The Supreme Court on Wednesday decided to put the legal battle related to appointment of Cyrus Mistry as the executive chairman of Tata Group, for final arguments on 2 December. In December 2019, the National Company Appellate Law Tribunal (NCLAT) had passed the order restoring Mistry as executive chairman and held the appointment of Natarajan Chandrasekaran as executive chairman illegal. On 10 January, the apex court had stayed the NCLAT order.
Senior advocate CA Sundaram, representing Mistry, on 19 November, informed the apex court that they have filed an intervention application (IA). Sundaram submitted that the new IA only seeks an additional relief, as the earlier IA did not cover this.
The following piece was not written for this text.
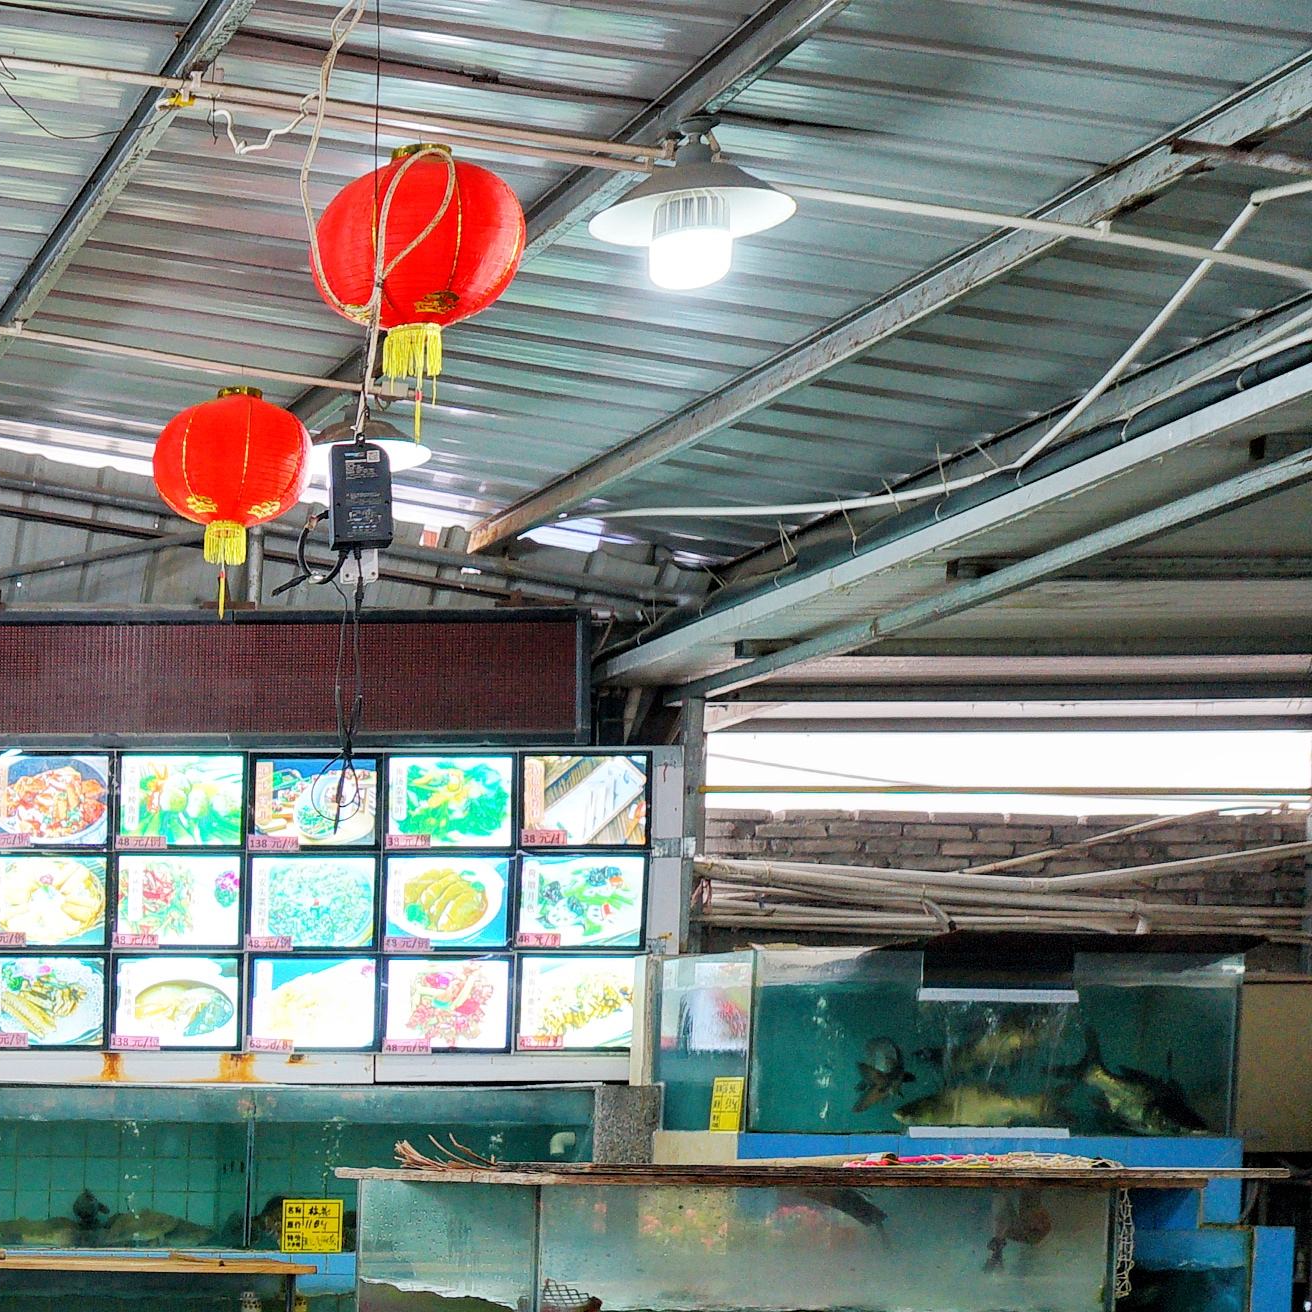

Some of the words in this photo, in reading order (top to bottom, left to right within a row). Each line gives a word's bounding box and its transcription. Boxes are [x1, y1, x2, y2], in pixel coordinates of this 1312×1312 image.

The Final Hearing: What SC Justices Say
A bench headed by Chief Justice SA Bobde and comprising Justices AS Bopanna and V Ramasubramanian told Sundaram, "Why have you filed the IA...why don't we go ahead with the final hearing?" The bench reminded him that it had kept the matter today for final hearing, yet an IA has been filed. "You file an IA, which requires replies and argument," said the Chief Justice, citing that the court had kept the matter for final hearing. After a brief hearing in the matter, the top court said, "We will list it for December 2 for final hearing."
On 22 September, the Supreme Court had restricted further fundraising by Shapoorji Pallonji group from pledging or transferring Tata Sons shares owned by them till 28 October.
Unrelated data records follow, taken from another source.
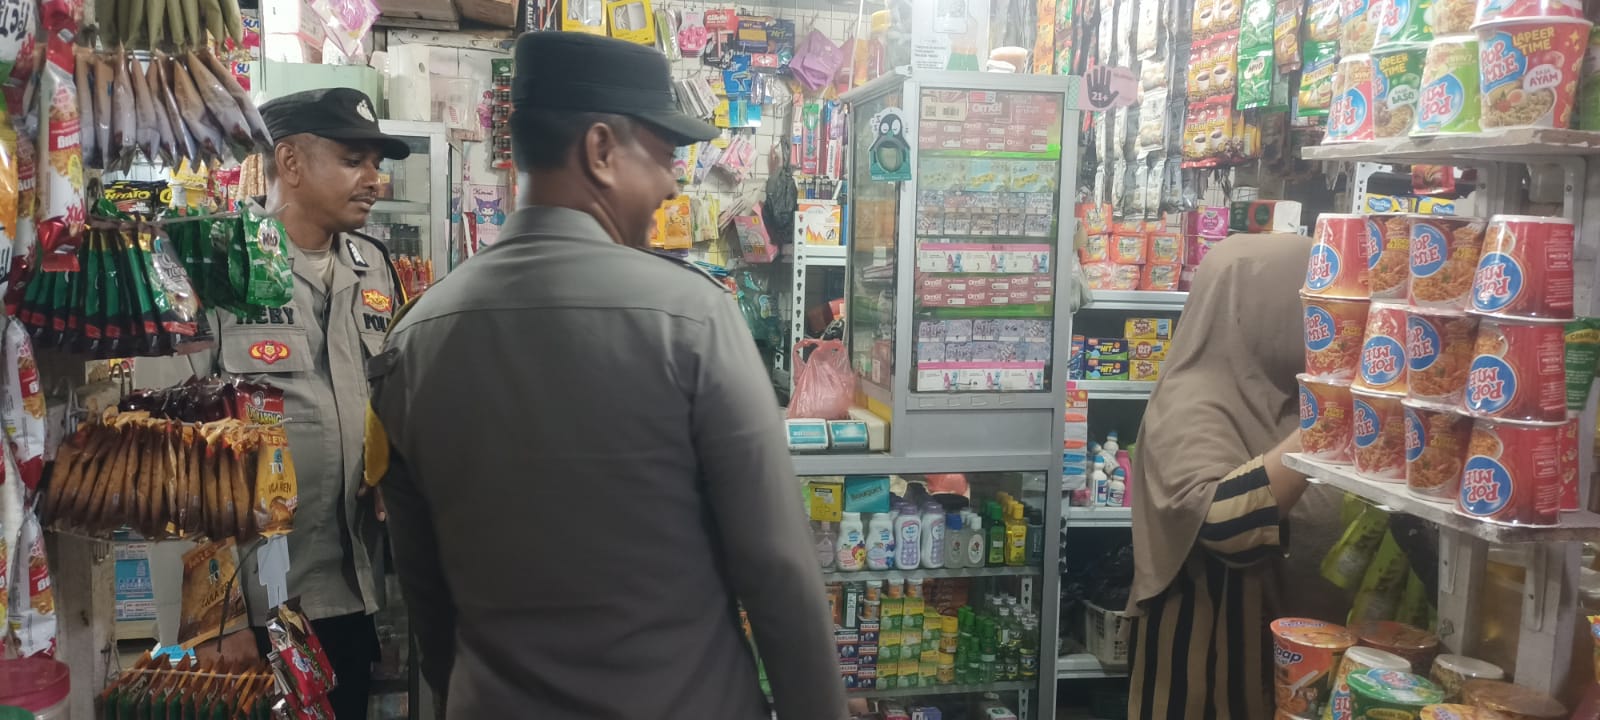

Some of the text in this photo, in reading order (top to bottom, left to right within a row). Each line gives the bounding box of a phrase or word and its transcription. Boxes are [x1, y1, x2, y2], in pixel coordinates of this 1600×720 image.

[1512, 26, 1555, 46] LAPEER
[1481, 40, 1506, 66] POP
[1519, 39, 1552, 56] TIME
[1382, 62, 1408, 78] TIME
[1484, 51, 1520, 84] MIE
[1529, 72, 1559, 87] AYAM
[1091, 91, 1109, 102] 21+
[1422, 95, 1452, 121] POP
[1411, 234, 1431, 254] POP
[1413, 245, 1441, 266] MIE
[1310, 262, 1332, 281] POP
[1476, 263, 1505, 287] MIE
[1479, 276, 1510, 300] POP
[1305, 314, 1321, 330] POP
[1308, 323, 1330, 342] MIE
[1365, 345, 1391, 363] MIE
[1368, 356, 1396, 375] POP
[1470, 366, 1500, 387] MIE
[1472, 380, 1505, 402] POP
[1464, 468, 1495, 488] MIE
[1467, 482, 1501, 503] POP
The top court had said the group should not take any further action on the shares they have already pledged for raising funds. Sundaram, representing Shapoorji Pallonji group, argued before the bench that the other party is creating havoc on its fundraising plans, and the situation is coming to a stage where his client is being blocked in every possible way.
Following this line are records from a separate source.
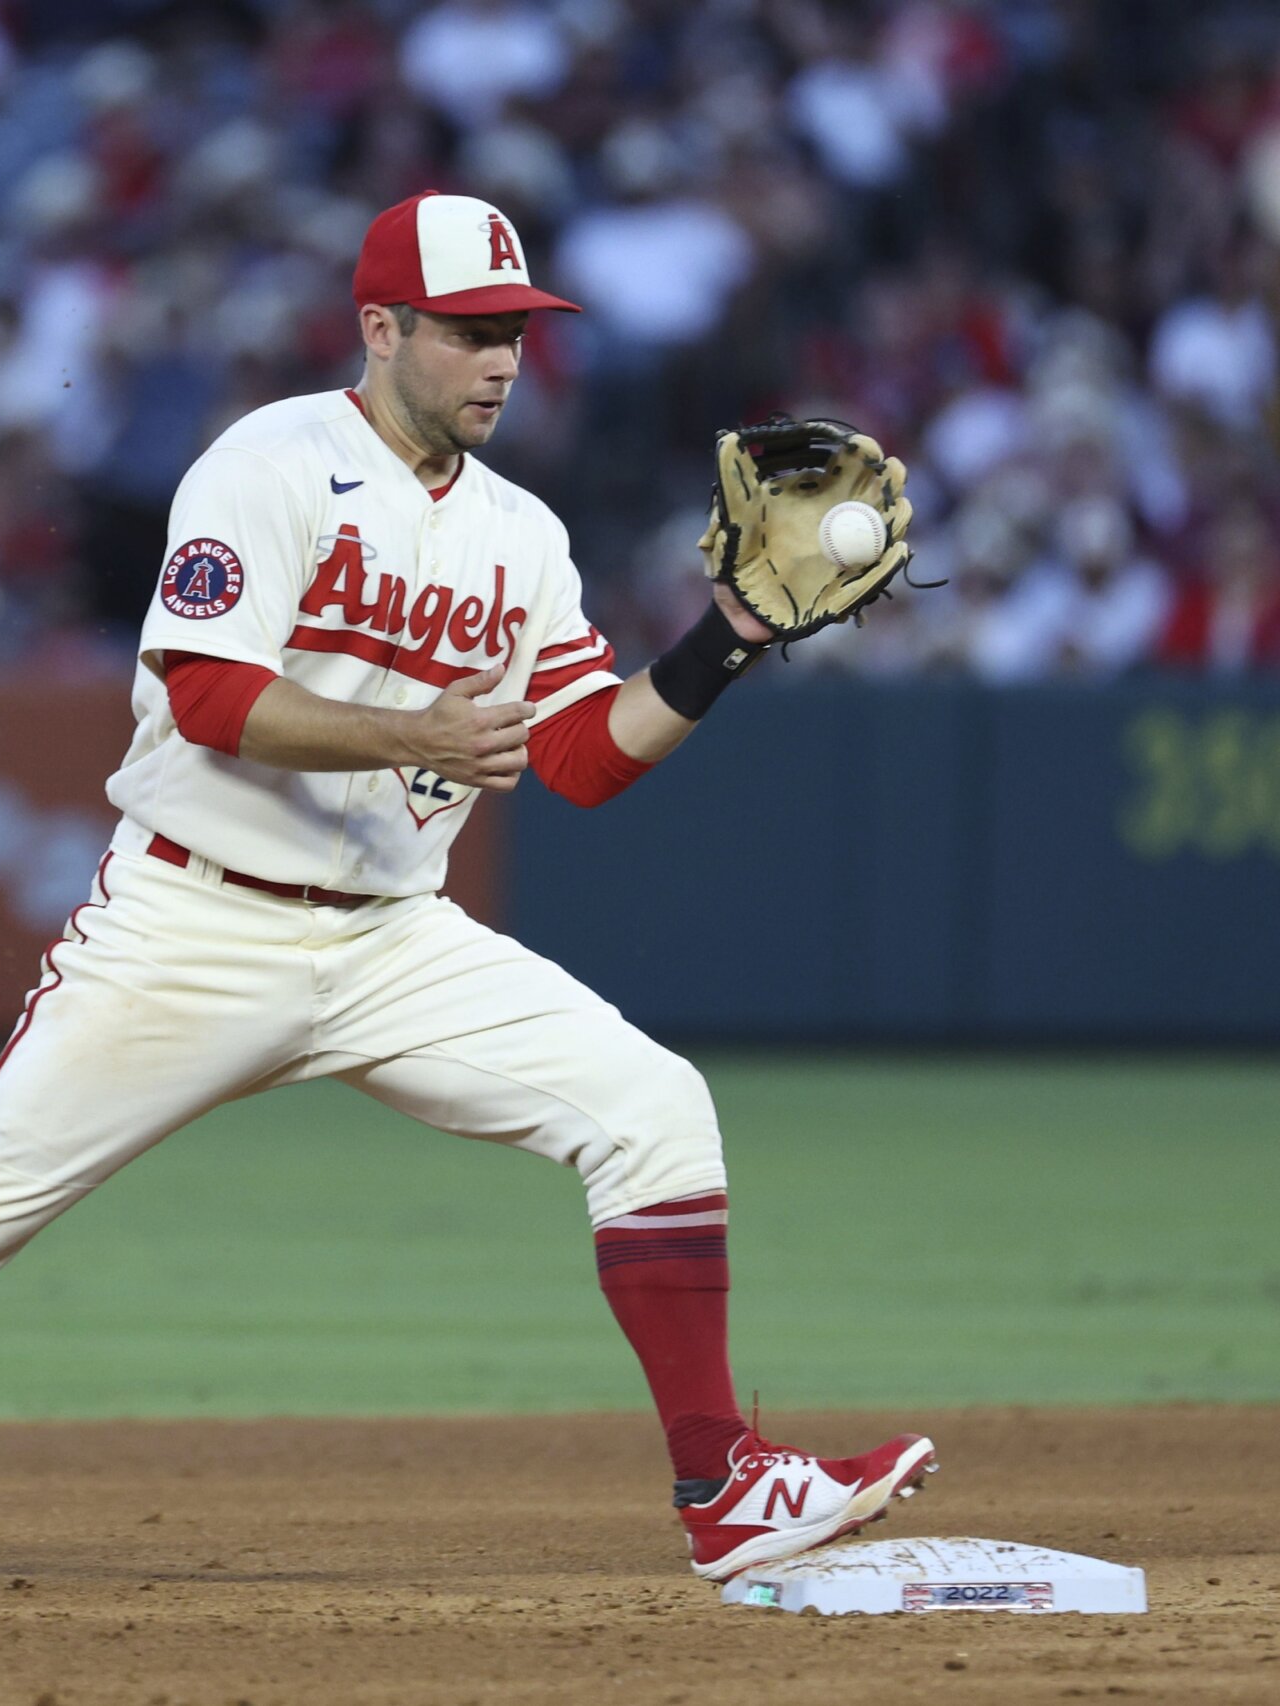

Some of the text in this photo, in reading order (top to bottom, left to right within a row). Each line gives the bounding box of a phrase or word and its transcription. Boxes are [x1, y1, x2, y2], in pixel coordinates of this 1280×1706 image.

[487, 213, 522, 271] A
[164, 542, 241, 594] LOS ANGELES
[182, 557, 211, 599] A
[164, 594, 227, 617] ANGELS
[298, 523, 527, 672] Angels
[763, 1476, 812, 1520] N
[946, 1586, 1009, 1600] 2022
Pallonji Group has around 18 percent shareholding of Tata Sons, and Tata Trusts owns 66 percent stake in Tata Sons. Counsel for Cyrus Mistry contended before the bench that banks were refusing to give credit in the backdrop of pendency of this plea, and cited that his client's company has nearly 60,000 employees.
What Did Both Sides Argue?
Pallonji group had argued that there is a clear difference between pledging and transferring of shares, and Tata Sons is advertising the pendency of this plea and it having an impact on the company's effort to restructure loans with banks.
Senior advocate Harish Salve, representing Tata Sons, had submitted before the bench that they are creating mischief. Salve argued that if Pallonji group defaults, then banks could sell the pledged shares.
He urged the top court to stop the sale of shares and emphasised that in four weeks, the situation will be beyond repair, if Mistry is not stopped.
"If they want to sell, we are willing to buy. Pallonji group must be restricted from raising further funds by pledging shares," submitted Salve. The bench noted that it seems, Mistry is not ready to maintain the status quo.